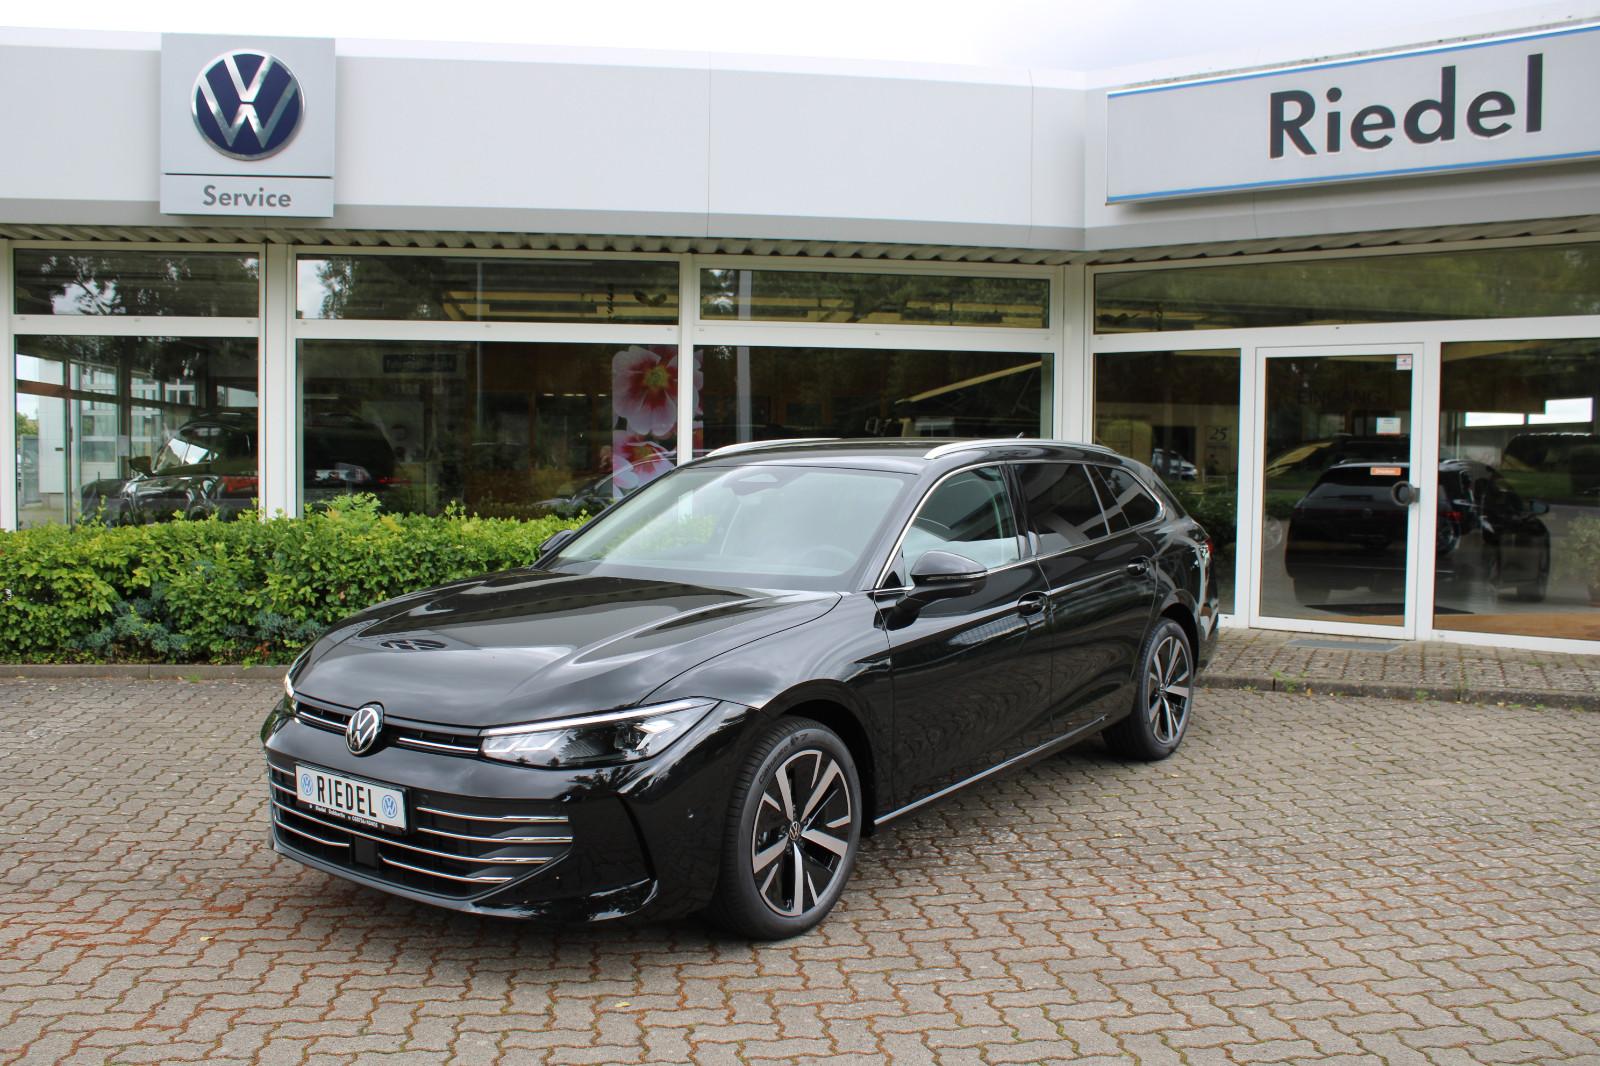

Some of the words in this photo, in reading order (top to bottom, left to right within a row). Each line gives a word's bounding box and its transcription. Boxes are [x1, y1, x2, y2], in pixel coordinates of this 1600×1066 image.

[1269, 53, 1544, 159] Riedel
[203, 184, 292, 208] Service
[316, 775, 377, 818] RIEDEL
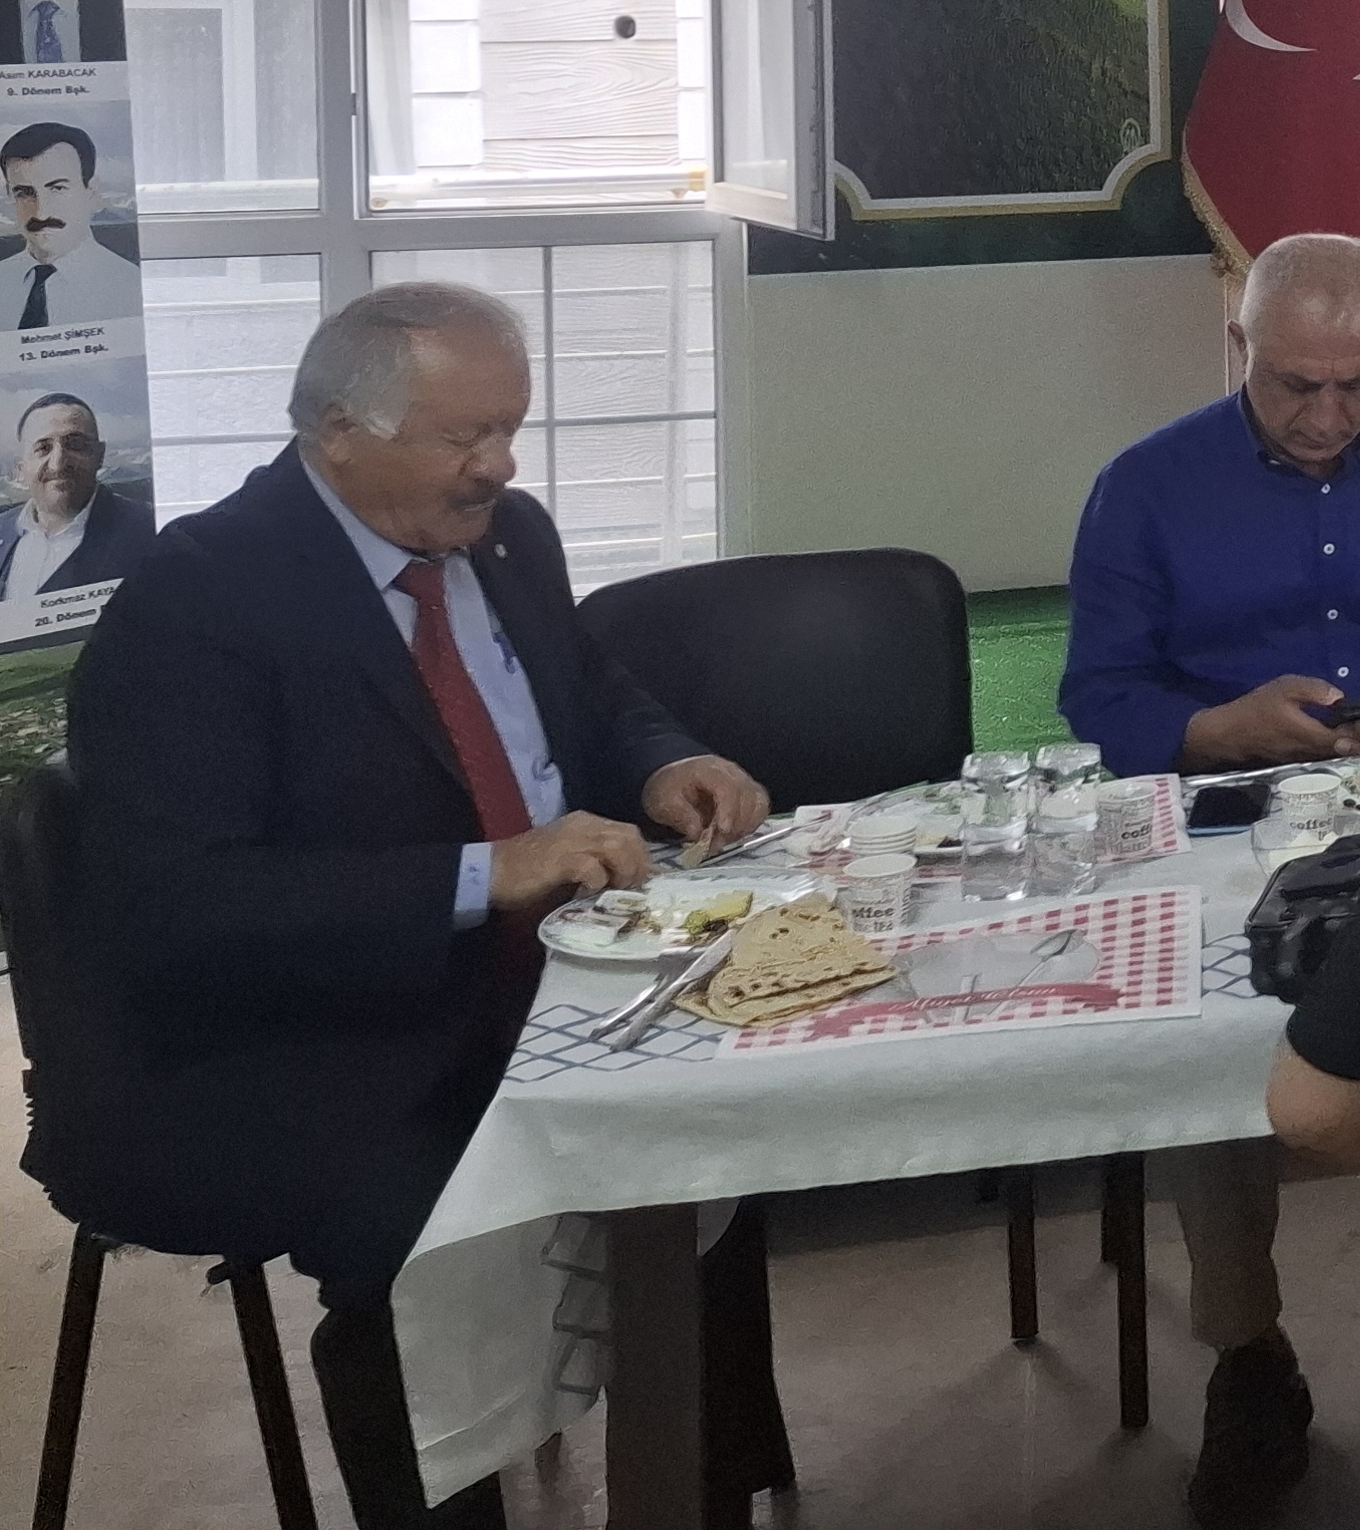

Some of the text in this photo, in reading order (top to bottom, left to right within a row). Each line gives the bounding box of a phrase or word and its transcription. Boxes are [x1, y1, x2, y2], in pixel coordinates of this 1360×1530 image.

[27, 68, 97, 79] KARABACAK
[22, 86, 62, 96] Dönem
[21, 327, 105, 345] Mehmet ŞİMŞEK
[41, 348, 80, 359] Dönem
[56, 608, 97, 623] Dönem

THE PROBLEM - The required answer is the line with "Some of the text" plus every line after it to the end of the entries above, transcribed exactly.

SOLUTION FOR THIS EXERCISE -
Some of the text in this photo, in reading order (top to bottom, left to right within a row). Each line gives the bounding box of a phrase or word and its transcription. Boxes are [x1, y1, x2, y2], in pixel coordinates of this 1360×1530 image.

[27, 68, 97, 79] KARABACAK
[22, 86, 62, 96] Dönem
[21, 327, 105, 345] Mehmet ŞİMŞEK
[41, 348, 80, 359] Dönem
[56, 608, 97, 623] Dönem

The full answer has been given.